# Bottled water.



## passiflora (Jun 28, 2012)

Am curious to try to understand why Spanish people don't seem to use water filters. Surely it would be more economic and less stressful to not to have to buy gallons of water from the supermarket regularly? We just use a couple of jug filters and the water tastes fine with no scummy tea!


----------



## Pesky Wesky (May 10, 2009)

passiflora said:


> Am curious to try to understand why Spanish people don't seem to use water filters. Surely it would be more economic and less stressful to not to have to buy gallons of water from the supermarket regularly? We just use a couple of jug filters and the water tastes fine with no scummy tea!
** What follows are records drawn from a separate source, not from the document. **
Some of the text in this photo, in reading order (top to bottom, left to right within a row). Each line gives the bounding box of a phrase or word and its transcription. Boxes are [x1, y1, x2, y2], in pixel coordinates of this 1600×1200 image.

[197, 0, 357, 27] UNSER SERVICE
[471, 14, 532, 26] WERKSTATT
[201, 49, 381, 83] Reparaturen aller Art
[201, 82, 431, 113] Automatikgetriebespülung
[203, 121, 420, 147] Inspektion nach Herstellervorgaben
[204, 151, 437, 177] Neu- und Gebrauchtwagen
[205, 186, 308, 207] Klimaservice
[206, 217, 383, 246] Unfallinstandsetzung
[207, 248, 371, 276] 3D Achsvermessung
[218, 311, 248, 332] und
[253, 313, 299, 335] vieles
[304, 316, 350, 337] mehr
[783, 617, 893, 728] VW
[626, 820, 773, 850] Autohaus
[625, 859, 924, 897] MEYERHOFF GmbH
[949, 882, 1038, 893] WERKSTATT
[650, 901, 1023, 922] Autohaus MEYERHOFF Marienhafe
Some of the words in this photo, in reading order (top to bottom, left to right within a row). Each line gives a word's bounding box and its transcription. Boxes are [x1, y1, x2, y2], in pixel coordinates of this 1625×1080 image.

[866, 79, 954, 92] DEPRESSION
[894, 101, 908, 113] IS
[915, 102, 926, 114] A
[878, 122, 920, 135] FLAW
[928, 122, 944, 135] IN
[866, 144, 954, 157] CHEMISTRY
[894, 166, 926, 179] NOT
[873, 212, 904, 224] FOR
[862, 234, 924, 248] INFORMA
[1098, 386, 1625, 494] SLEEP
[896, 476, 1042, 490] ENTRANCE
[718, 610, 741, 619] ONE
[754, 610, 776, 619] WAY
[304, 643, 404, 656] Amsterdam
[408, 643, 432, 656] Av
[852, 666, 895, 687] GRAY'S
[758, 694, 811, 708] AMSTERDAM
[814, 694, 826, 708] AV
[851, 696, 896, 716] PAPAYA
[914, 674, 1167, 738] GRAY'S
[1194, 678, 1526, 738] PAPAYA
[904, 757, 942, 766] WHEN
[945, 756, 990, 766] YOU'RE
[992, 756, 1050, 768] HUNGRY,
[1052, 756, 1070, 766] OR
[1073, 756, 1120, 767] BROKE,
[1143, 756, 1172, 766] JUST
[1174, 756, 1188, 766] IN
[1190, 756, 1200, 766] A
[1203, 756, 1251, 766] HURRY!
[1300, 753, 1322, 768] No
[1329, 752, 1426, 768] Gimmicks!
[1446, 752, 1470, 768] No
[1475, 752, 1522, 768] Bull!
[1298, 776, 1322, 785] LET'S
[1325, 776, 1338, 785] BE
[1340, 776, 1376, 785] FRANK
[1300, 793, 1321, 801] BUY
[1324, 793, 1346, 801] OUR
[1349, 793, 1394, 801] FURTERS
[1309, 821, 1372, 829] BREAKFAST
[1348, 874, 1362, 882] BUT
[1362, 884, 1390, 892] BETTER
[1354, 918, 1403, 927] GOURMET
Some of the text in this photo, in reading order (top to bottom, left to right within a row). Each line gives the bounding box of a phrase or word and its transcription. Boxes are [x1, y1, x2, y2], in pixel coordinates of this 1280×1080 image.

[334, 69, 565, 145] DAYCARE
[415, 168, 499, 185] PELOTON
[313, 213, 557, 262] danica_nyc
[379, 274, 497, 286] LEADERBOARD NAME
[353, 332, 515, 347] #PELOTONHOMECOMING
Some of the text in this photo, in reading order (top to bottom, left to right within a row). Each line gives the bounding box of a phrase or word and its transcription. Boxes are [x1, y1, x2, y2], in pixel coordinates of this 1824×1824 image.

I don't think it's necessary to buy bottled water in many areas of Spain. We have never bought bottled water, but then the water in Madrid is supposed to be very good quality inasmuch as there isn't a lot of lime and it tastes good. Some years ago however we did buy a water filter system to take out various other nasties that can't be detected in the taste or appearance. It's fitted to the tap and is under the kitchen sink.
The water in Bilbao is horrible though and my MIL could do with something like that.


----------



## Lynn R (Feb 21, 2014)

We've never bought bottled water either, and we don't use a filter, just boil water and transfer it to a jug with lid once it has cooled down.


----------



## Pesky Wesky (May 10, 2009)

Lynn R said:


> We've never bought bottled water either, and we don't use a filter, just boil water and transfer it to a jug with lid once it has cooled down.


Why do you boil it?


----------



## snikpoh (Nov 19, 2007)

We're very lucky and have fantastic water straight from the tap. A lot of our water is piped all over Spain - a lot goes to Barcelona.


----------



## Lynn R (Feb 21, 2014)

Pesky Wesky said:


> Why do you boil it?


Just in case!


----------



## Megsmum (Sep 9, 2012)

well water, we do buy bottled, but because we have not got round to having it tested, most others I know drink straight from tap, I know very few Spanish who drink bottled water at home..... its not a third world country!


----------



## Pesky Wesky (May 10, 2009)

cambio said:


> well water, we do buy bottled, but because we have not got round to having it tested, most others I know drink straight from tap, I know very few Spanish who drink bottled water at home..... its not a third world country!


Exactly. In Bilbao MIL buys bottled because of the taste, not because it's dangerous.
I couldn't cope with buying bottled water to drink. Apart from the inconvenience - all that plastic, yuk.
If I lived in Bilbao I'd just get used to it (the taste of the water)- I think.


----------



## Pesky Wesky (May 10, 2009)

Lynn R said:


> Just in case!


I don't think t's necessary. If the water was undrinkable surely there'd be a public outcry. Maybe you can introduce the local water into your diet bit by bit by diluting the boiled with unboiled over a course of weeks. That way you'd save on gas/ electricity and have one less task to do.


----------



## jojo (Sep 20, 2007)

I dont know how true it is, but someone once told me that the tap water in most other countries is just as safe as anywhere else. The problem is in the purification, each country uses different methods/chemicals and it takes a bit of time to adjust - hence holiday makers and new arrivals may initially get "dodgy tummies" until they get used to it

Jo xxx


----------



## 90199 (Mar 21, 2010)

Tap water here is not fit to drink, tap water 10 minutes away on the coast is fit to drink.


----------



## buble (Apr 29, 2011)

I believe that the reason that they use bottled water, is because of they are worried about the carcinogenic trihalomethanes (THM) found in their drinking water, caused by excessive chlorination. There was a case in Alicante a couple years ago, where the THMs were found to be 50% higher than that permitted. The European Commission gave them until 2014 to sort it out. 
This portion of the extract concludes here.